Merola B, Sofia M, Longobardi S, Fazio S, Micco A, Esposito V, Colao A, Biondi B, Lombardi G
Department of Clinical and Molecular Endocrinology and Oncology, Federico II University, Naples, Italy.
Eur J Endocrinol. 1995 Dec;133(6):680-5. doi: 10.1530/eje.0.1330680.
Little is known of the respiratory function in patients with growth hormone (GH) deficiency. The aim of the present study was to evaluate lung volumes and respiratory muscle strength in patients diagnosed as GH deficient in childhood. Ten patients diagnosed as GH deficient in childhood and ten healthy subjects entered the study. For each subject the evaluation of respiratory function followed the same standard approach, consisting of respiratory muscle strength assessment, recording of flow-volume curves, measurement of static lung volumes and lung diffusing capacity. Both maximal inspiratory and expiratory mouth pressures were decreased in GH deficiency. Vital capacity, N2 functional residual capacity and total lung capacity were significantly reduced when compared to healthy subjects. Conversely, the residual volume and diffusing lung capacity to CO did not show any significant change. No significant change of percentage forced expiratory volume in 1 s/forced vital capacity ratio was observed.
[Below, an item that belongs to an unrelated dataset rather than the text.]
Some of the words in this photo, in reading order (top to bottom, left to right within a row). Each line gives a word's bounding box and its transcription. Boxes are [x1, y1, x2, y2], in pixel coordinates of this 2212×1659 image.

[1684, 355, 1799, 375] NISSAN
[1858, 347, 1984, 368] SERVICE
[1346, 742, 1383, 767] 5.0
The decrease of respiratory mouth pressures was not correlated to the decrease of lung volumes. In conclusion, the results of this study show that adult patients affected with childhood onset GH deficiency suffer from impairment of ventilatory function and a decrease of respiratory muscle pressures, probably due to reduction of respiratory muscle strength.
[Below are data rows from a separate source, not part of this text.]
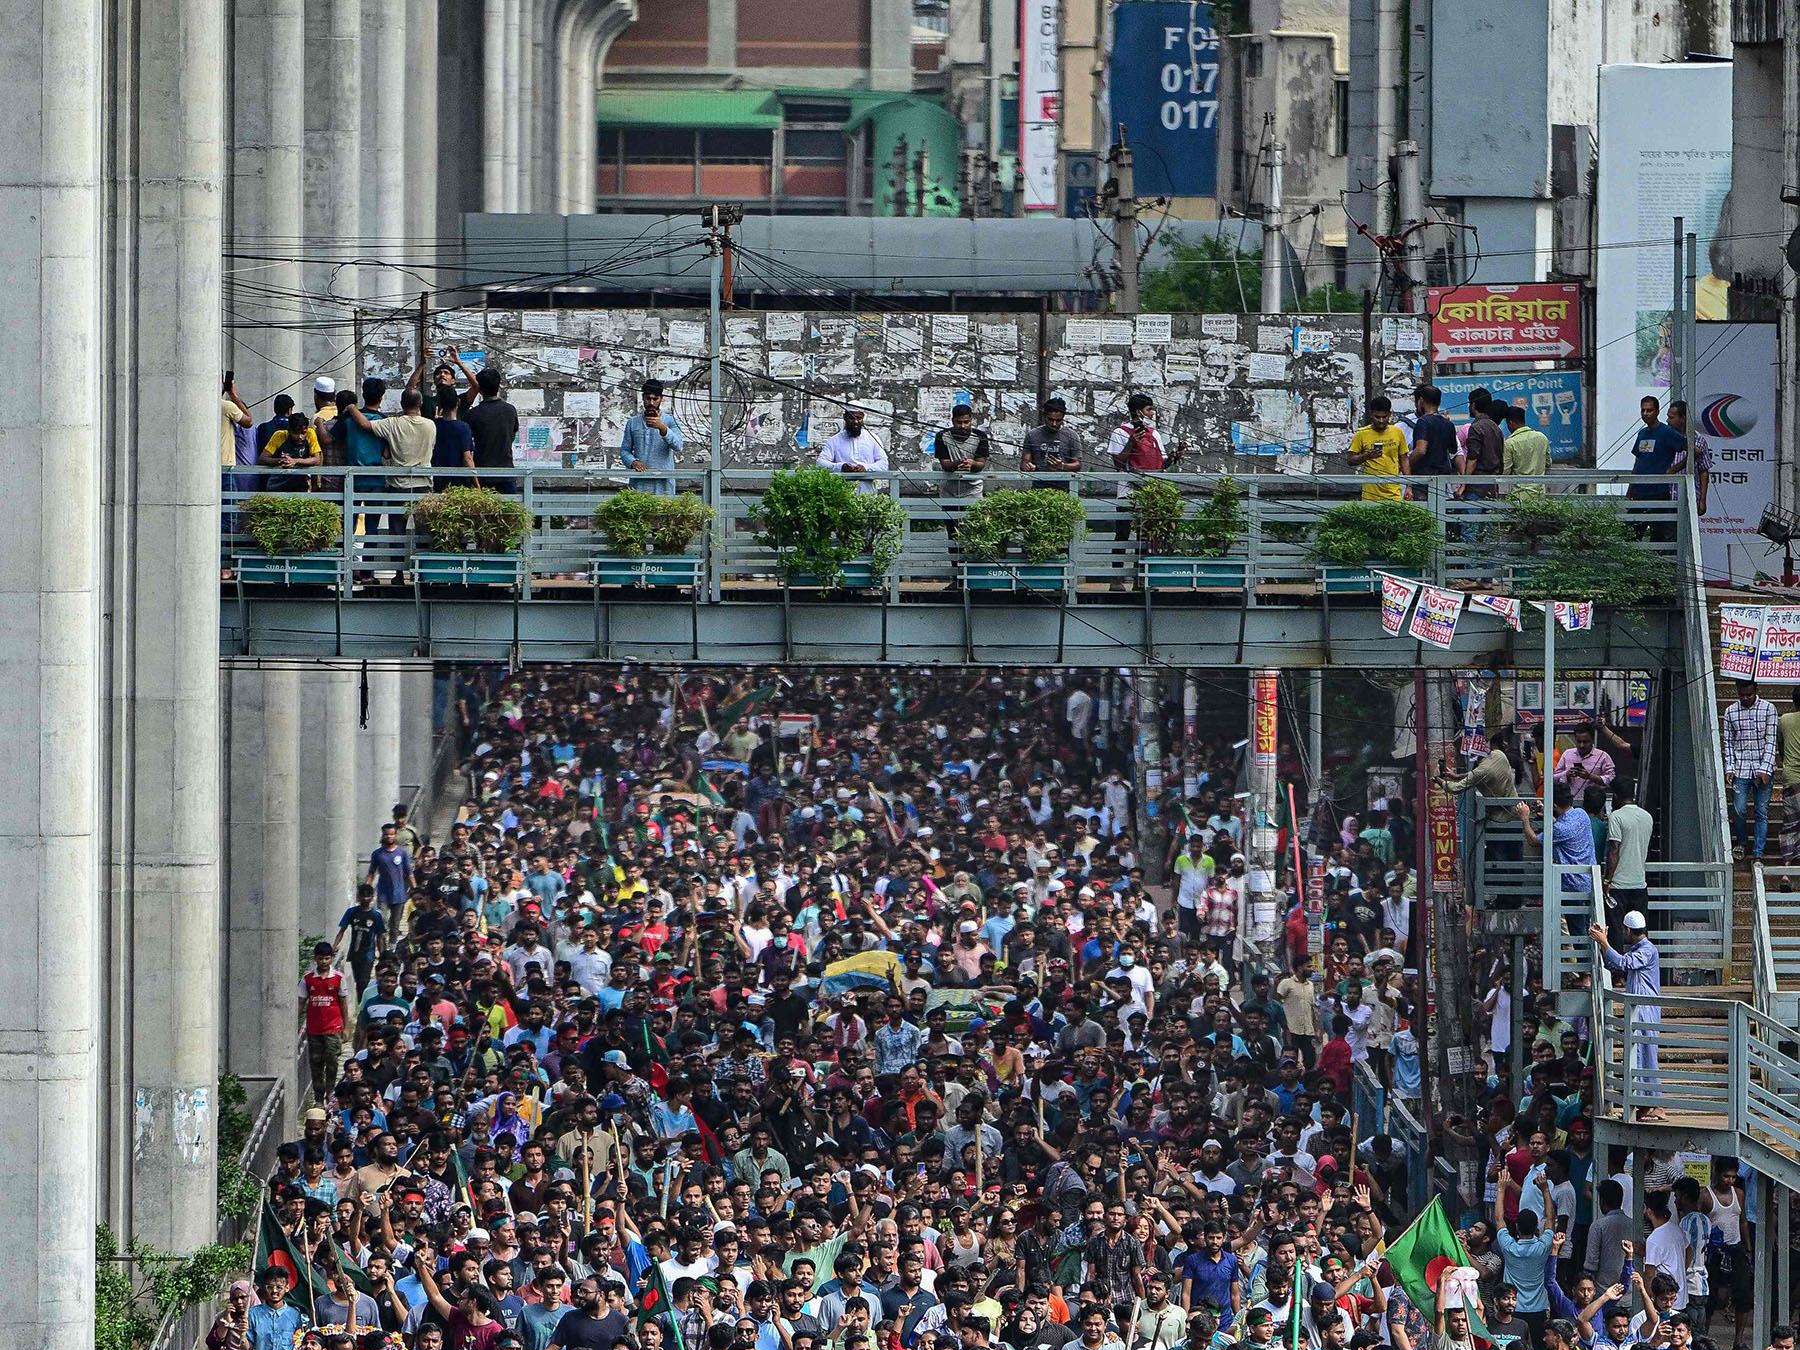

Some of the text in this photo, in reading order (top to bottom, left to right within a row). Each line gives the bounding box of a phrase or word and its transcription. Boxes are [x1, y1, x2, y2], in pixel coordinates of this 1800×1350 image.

[1161, 101, 1219, 129] 017
[1437, 294, 1571, 323] কোরিয়ান
[1448, 322, 1560, 341] কালচার এইড
[1492, 378, 1524, 391] Care
[1527, 377, 1563, 389] Point
关于生长激素(GH)缺乏患者的呼吸功能,人们了解甚少。本研究的目的是评估童年期被诊断为GH缺乏的患者的肺容量和呼吸肌力量。十名童年期被诊断为GH缺乏的患者和十名健康受试者进入了研究。对于每个受试者,呼吸功能评估遵循相同的标准方法,包括呼吸肌力量评估、流量-容积曲线记录、静态肺容量测量和肺弥散能力测量。GH缺乏患者的最大吸气和呼气口腔压力均降低。与健康受试者相比,肺活量、氮功能残气量和肺总量显著降低。相反,残气量和一氧化碳肺弥散能力没有任何显著变化。观察到1秒用力呼气量/用力肺活量比值没有显著变化。呼吸口腔压力的降低与肺容量的降低无关。总之,本研究结果表明,童年期起病的GH缺乏成年患者存在通气功能损害和呼吸肌压力降低,可能是由于呼吸肌力量下降所致。